Expecting that soon-to-be-here rain as we awoke, I looked out the window and saw cloudy, but dry skies (it had rained slightly overnight). However, the cracked weather people were predicting rain for tomorrow.

Our first stop of the day was what I hoped wouldn’t be my last stop…ever. The four of us were heading to St. Paul’s Cathedral and, legs and mind willing, we were going to climb something like 528 stairs to the top. We stopped and had a quick coffee and croissant from a nearby Caffè Nero.

St. Paul’s is yet another 2FOR1 attraction (£16 for two). There was no line on this Monday morning. Once inside we picked up the free audio guide, which was perhaps the best audio guide I’d ever seen. “Seen,” because in addition to the audio, you also could look at pictures on the handset.

St. Paul’s is another of Sir Christopher Wren’s mega masterpieces, and we walked around this beautiful cathedral taking in its entire splendor. It was then time for the Ascent Of Death. There were no defibrillators on hand, so up we went.

Fortunately, after about 200 stairs or so, there is a bit of a break at The Whispering Gallery. This would not be a good place to discuss an affair while your wife is sitting on the opposite side of the gallery. These walls have ears.

Tracy and Mary stood on one side as I made my way to the opposite side…slowly. Sure enough, they whispered and I could hear what they were saying. Either that, or I was just hearing voices after the first part of the three-part climb.

Break time was over, and we made our way up to the Stone Gallery that encircles the base of St. Paul’s Dome. The only photos you can take at St. Paul’s are from the outside, and we stepped out to take some.

Next stop was the Golden Gallery, more than 500 stairs from the cathedral floor. What we noticed from this vantage point is what we saw from virtually every London vantage point, a city that is under massive construction. Looking in several directions, it looked like there were more cranes than buildings. I didn’t really care, because I had made it virtually unscathed to the top (except for a small scrape on my arm, which drew surprisingly little blood…I guess Sir Bleed-A-Lot stayed at home this trip), but all the cranes and construction made for less-than-stellar photo ops.

Back downstairs, we descended to the Crypt where we saw Wellington’s tomb (actually a beef Wellington sounded pretty good after that climb) and Wren’s memorial (an understated slab of stone) with the words, “Lector, si monumentum requires circumspice" (“Reader, if you seek his monument, look around you”). Wren was the only architect of his time who actually lived to see his cathedral completed, or so we were told.

Invigorated, we took the tube to Tottenham Court Road, grabbed a quick lunch at a fairly bad restaurant (although the server was nice) called Garfunkel’s (I guess Simon’s was closed), and it was on to the British Museum.

If one really wanted to fully explore the British Museum, it would probably take about half a lifetime. Since we knew there was a beer in our future, we took the information desk’s suggestion and went on the “British Museum’s Greatest Hits Self-Guided Tour.”
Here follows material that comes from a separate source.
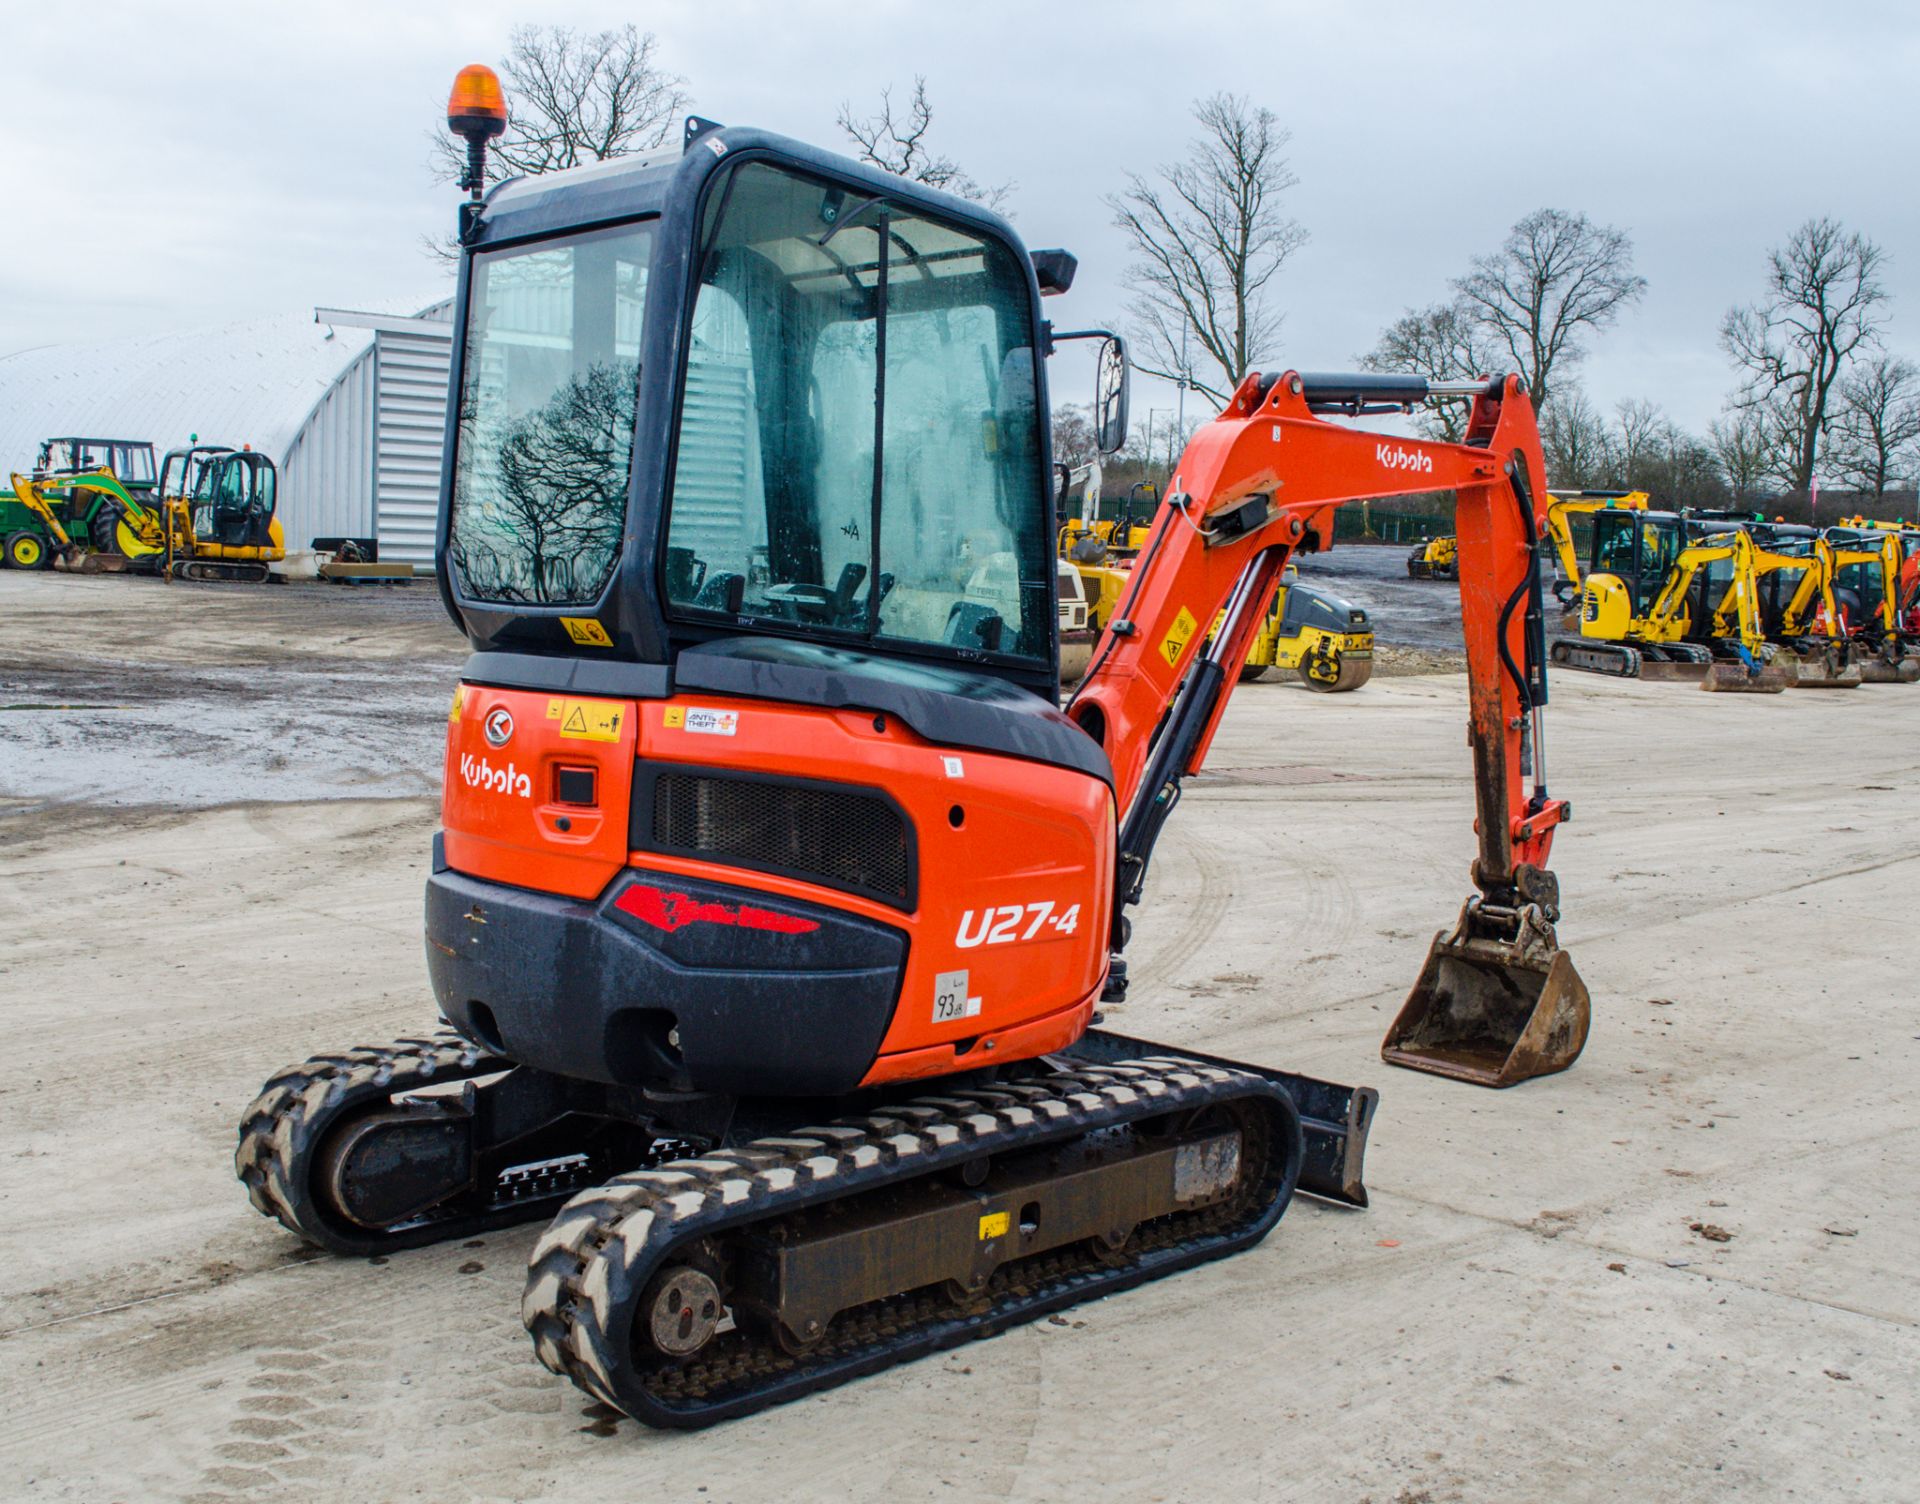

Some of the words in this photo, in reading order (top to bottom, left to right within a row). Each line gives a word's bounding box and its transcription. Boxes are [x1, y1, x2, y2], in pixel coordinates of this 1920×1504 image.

[1376, 443, 1433, 473] Kubota
[687, 720, 716, 729] THEFT
[460, 752, 532, 799] Kubota
[955, 901, 1081, 949] U27-4
After an hour and a half of old coins, old chess sets, old sculptures and lots of other old things, we old folks finally arrived at the bottom floor that contained the famed Rosetta Stone. I hoped that by looking at it I would learn another language, but I guess that’s not the way it works.

The Nereid Monument from Xanthos (which I thought was an Olivia Newton-John movie) was also very interesting, but Museum Overload had overtaken the group. I had seen so many old statues that everyone in our group began looking like Ramessis II, so we left before we started walking like an Egyptian.
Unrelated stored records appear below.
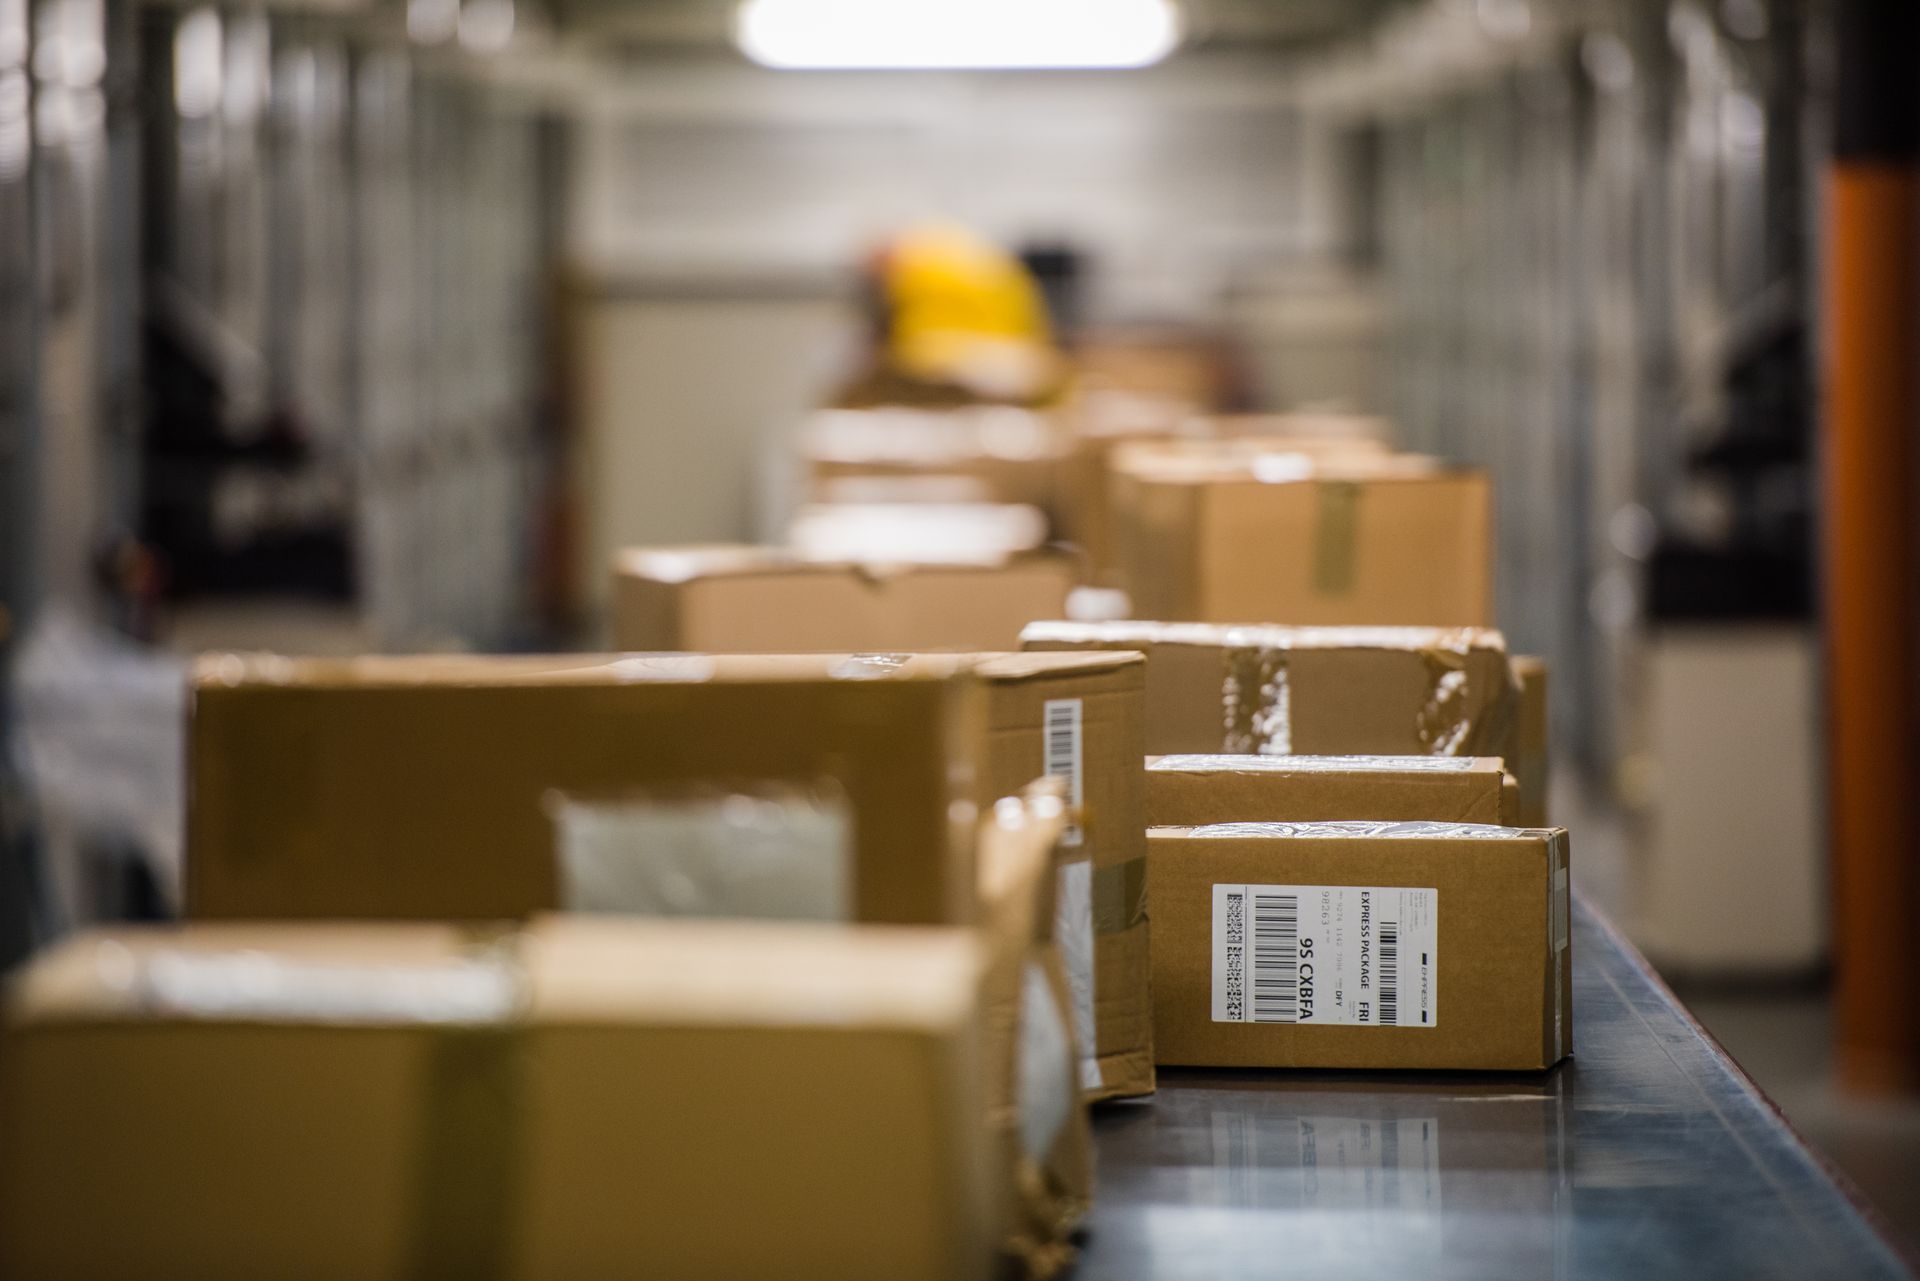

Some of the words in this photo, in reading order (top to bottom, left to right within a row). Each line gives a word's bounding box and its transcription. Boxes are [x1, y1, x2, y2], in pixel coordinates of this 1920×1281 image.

[1321, 891, 1330, 926] 98263
[1361, 891, 1370, 938] EXPRESS
[1299, 938, 1314, 959] 9S
[1361, 940, 1370, 989] PACKAGE
[1299, 963, 1314, 1020] CXBFA
[1335, 990, 1343, 1007] DFY
[1359, 1001, 1369, 1022] FRI
Our next stop was tentatively going to be a pub I had read about, but we found ourselves near the Sir John Soane Museum, so I was talked into going to see it. Mercifully, it was Monday, and John was closed. I’m sure it’s wonderful, but at this moment The Pub Museum sounded a lot better. Of course, we had to find the damned thing, and we were a little confused...nothing new there.

Walking in what we hoped was the correct destination, we ran into a couple of guys selling paintball experiences, and they were very helpful in leading us in the right direction. Looking at our little map (and then one of the city’s five minute maps…more on those below), we thought we had it nailed as to where the elusive Ye Olde Mitre pub was located, but it was not to be found.

We walked up and down the street and figured that the Klingons must have cloaked the alley to the pub. It was not there. There was a jewelry store on the corner, and one of the guys who worked there came out for a breath of fresh air. “Do you know how to get to Ye Olde Mitre pub,” I asked?

He answered, “Yes,” smiled and said nothing else. Great, I had run into a jewelry store comedian.

The guy was actually very nice, and once he had played his mini-prank on us, he pointed down the street and said to make a left at the postal box onto a tiny alley on to Ely Court (off Hattan Garden). I don’t think it was the first time he had been asked this question.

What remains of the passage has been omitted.